A racket-sport intervention improves behavioral and cognitive performance in children with attention-deficit/hyperactivity disorder.
Table-tennis drills delivered clear on-off gains in executive functions for kids with ADHD.
01Research in Context
What this study did
Pan et al. (2016) ran a 12-week table-tennis program for children with ADHD. They used an A-B-A-B reversal design. Kids played ping-pong drills three times a week.
The team tracked executive functions, motor skills, and classroom behaviors. They wanted to see if racket sport alone could move the needle.
What they found
Every time table-tennis was on, executive-function scores rose. When it stopped, scores dropped. Bring it back, scores rose again.

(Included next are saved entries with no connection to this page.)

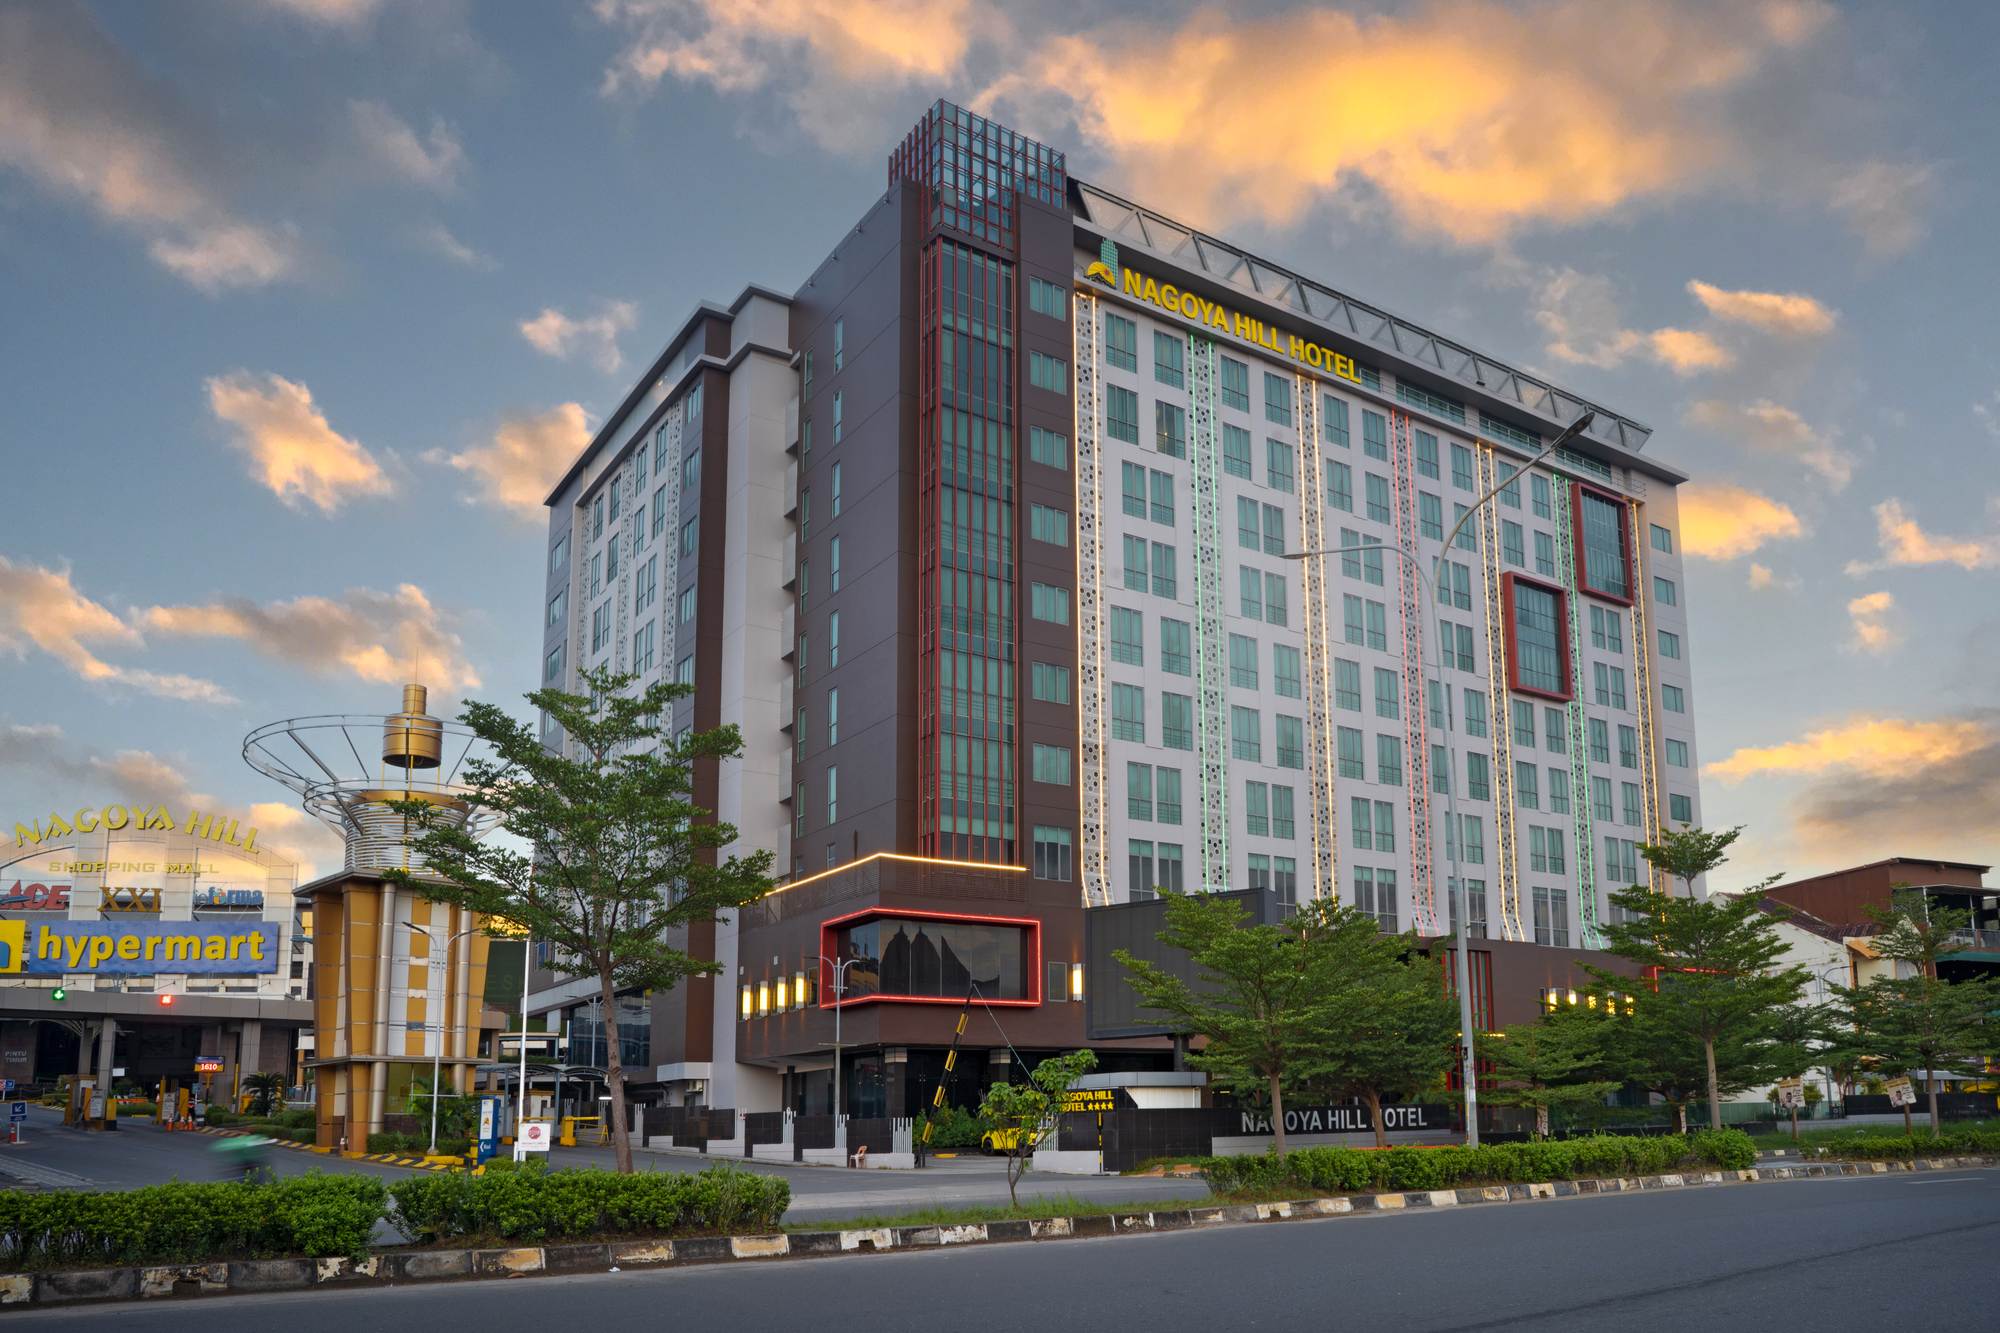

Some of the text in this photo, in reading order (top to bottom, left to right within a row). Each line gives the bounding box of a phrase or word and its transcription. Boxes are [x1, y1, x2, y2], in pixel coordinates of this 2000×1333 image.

[1124, 268, 1362, 384] NAGOYA HILL HOTEL
[14, 804, 176, 848] NAGOYA
[50, 861, 220, 874] SHOPPING MALL
[0, 880, 72, 910] ACE
[97, 887, 163, 913] XXI
[37, 925, 265, 968] hypermart
[1095, 1090, 1114, 1100] HILL
[1328, 1109, 1367, 1130] HILL
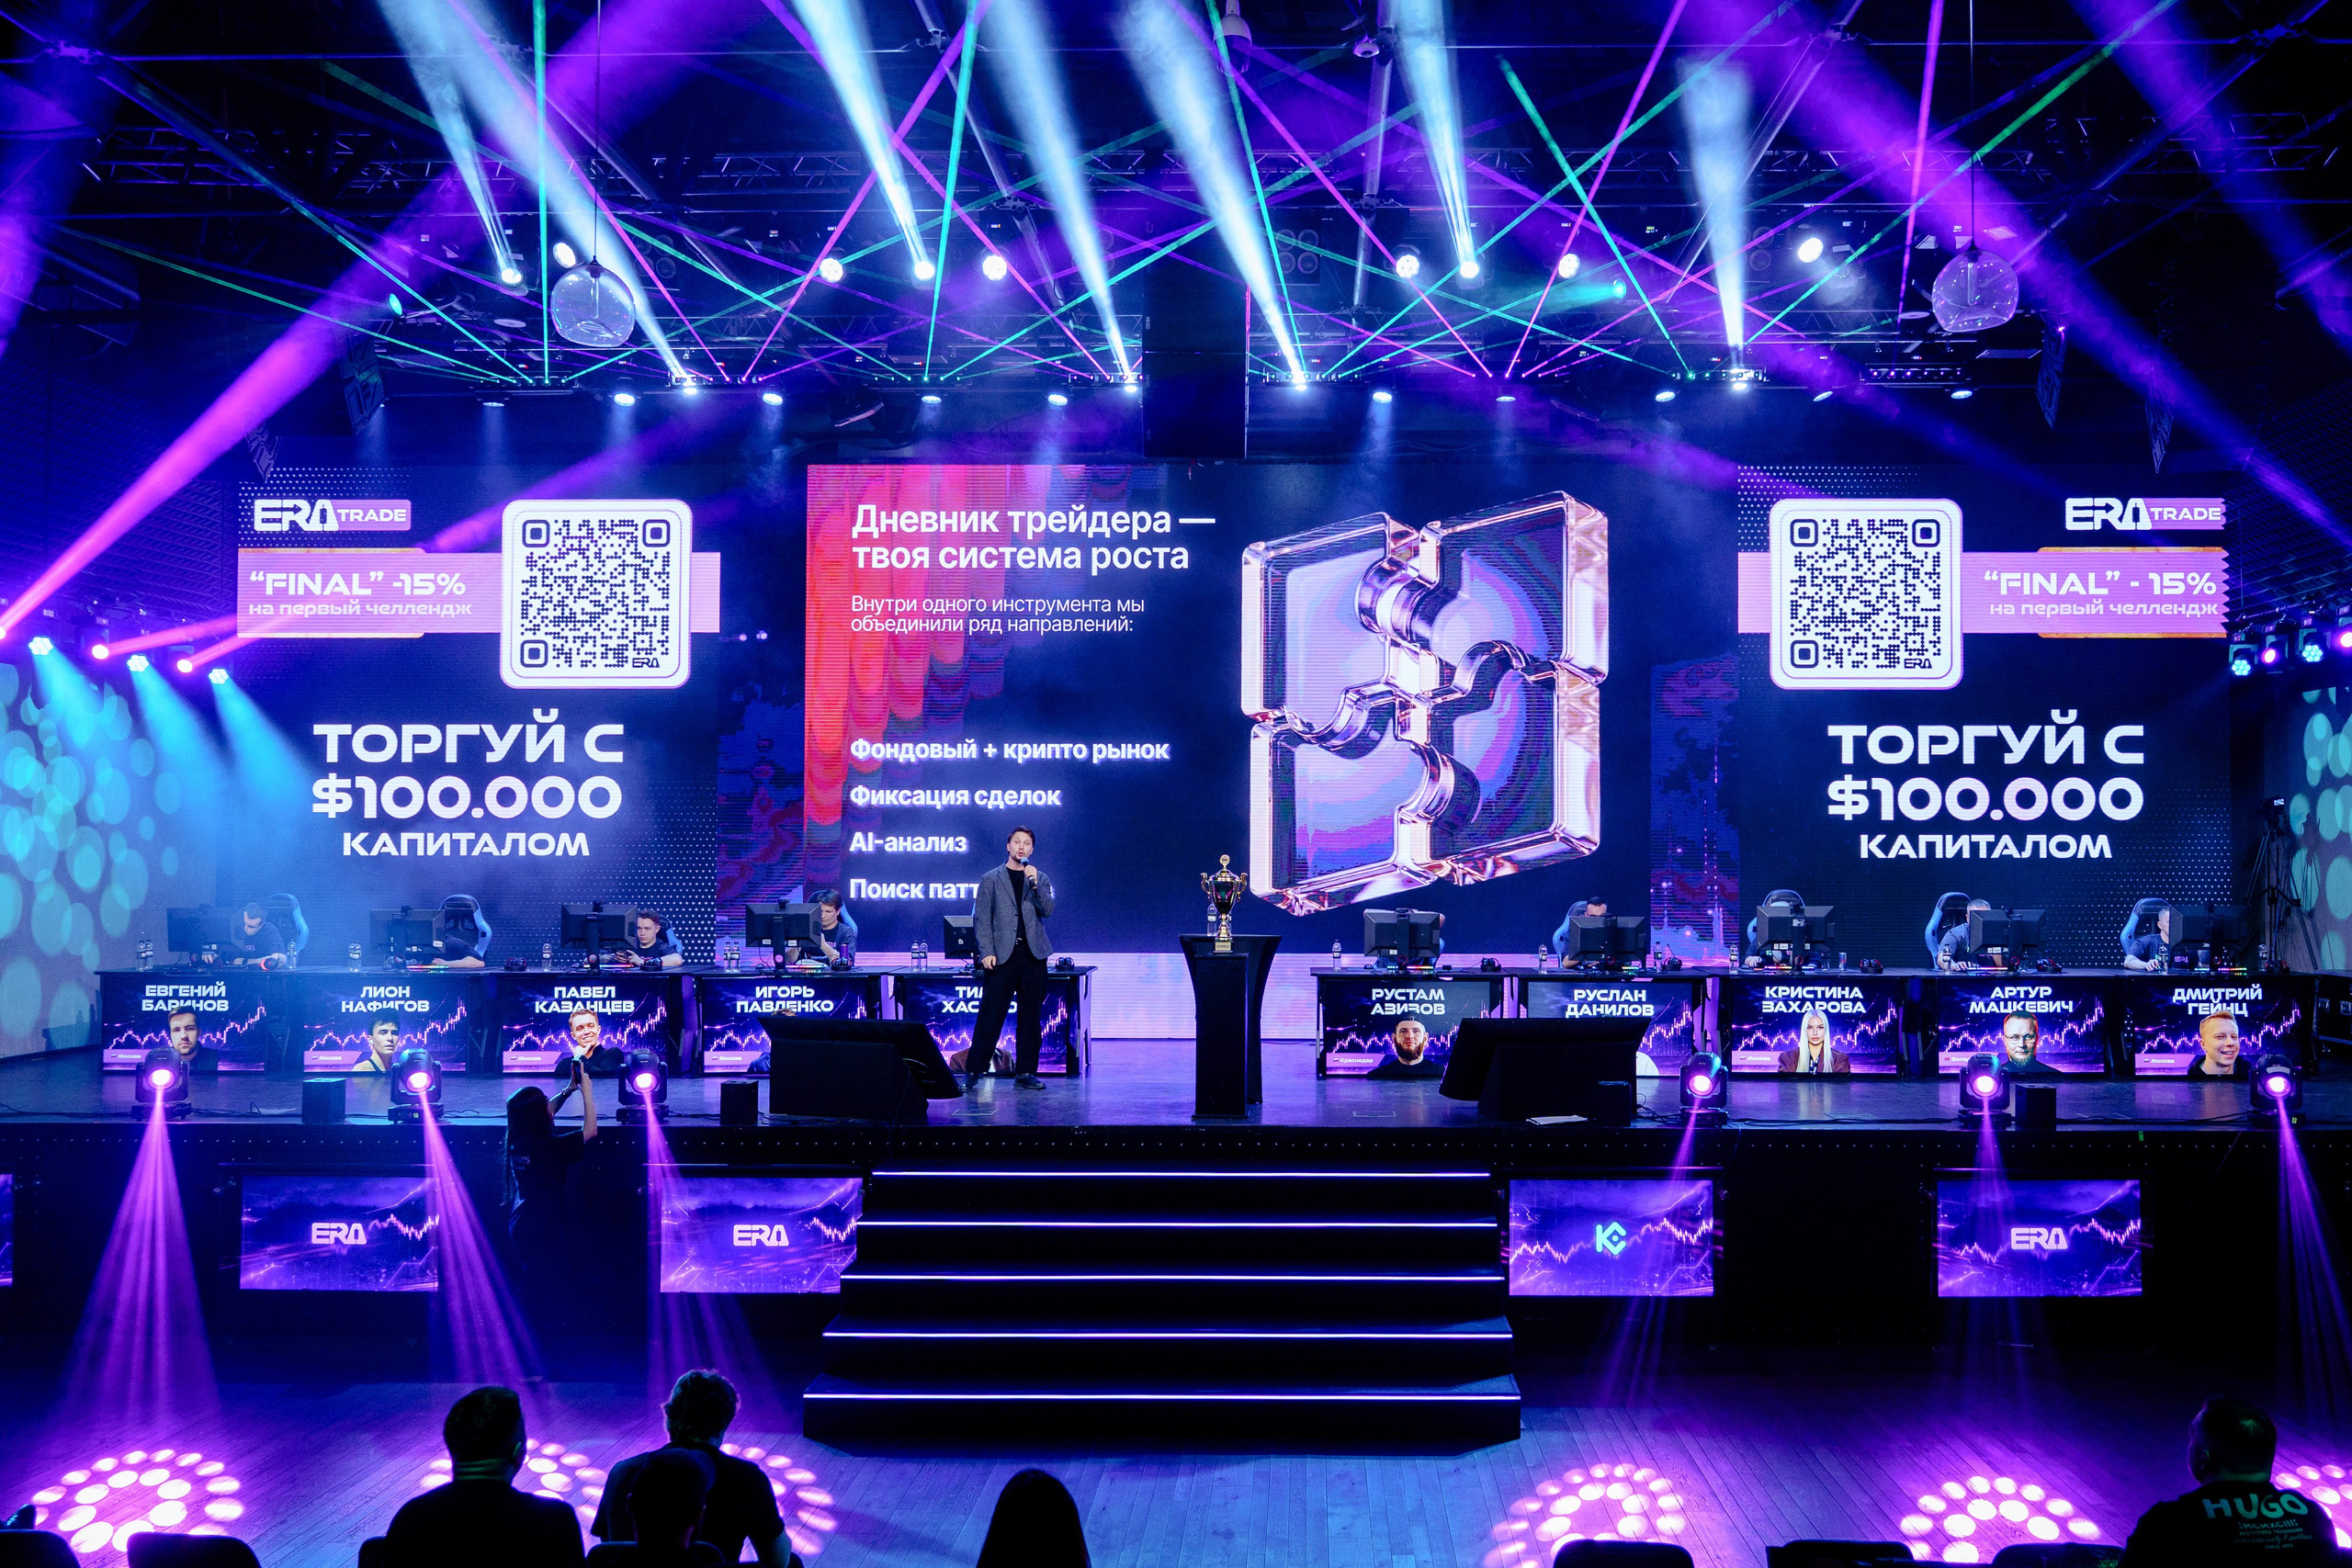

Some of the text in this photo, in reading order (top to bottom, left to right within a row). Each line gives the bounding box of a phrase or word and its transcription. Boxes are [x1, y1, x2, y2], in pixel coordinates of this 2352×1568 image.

Teachers also noted better focus and fewer outbursts during the sport phases. No extra meds or token boards were added.
How this fits with other research
Wang et al. (2026) pooled five RCTs on exercise for kids with intellectual disabilities. They found small but real gains in activity and sitting time. The ping-pong study adds a single-case proof that the same idea works for ADHD.
Jelsma et al. (2015) saw kids with DCD learn Wii Fit balance tasks slower than peers. That sounds like bad news, but Chien-Yu shows the flip side: pick the right sport and kids with ADHD can catch up fast.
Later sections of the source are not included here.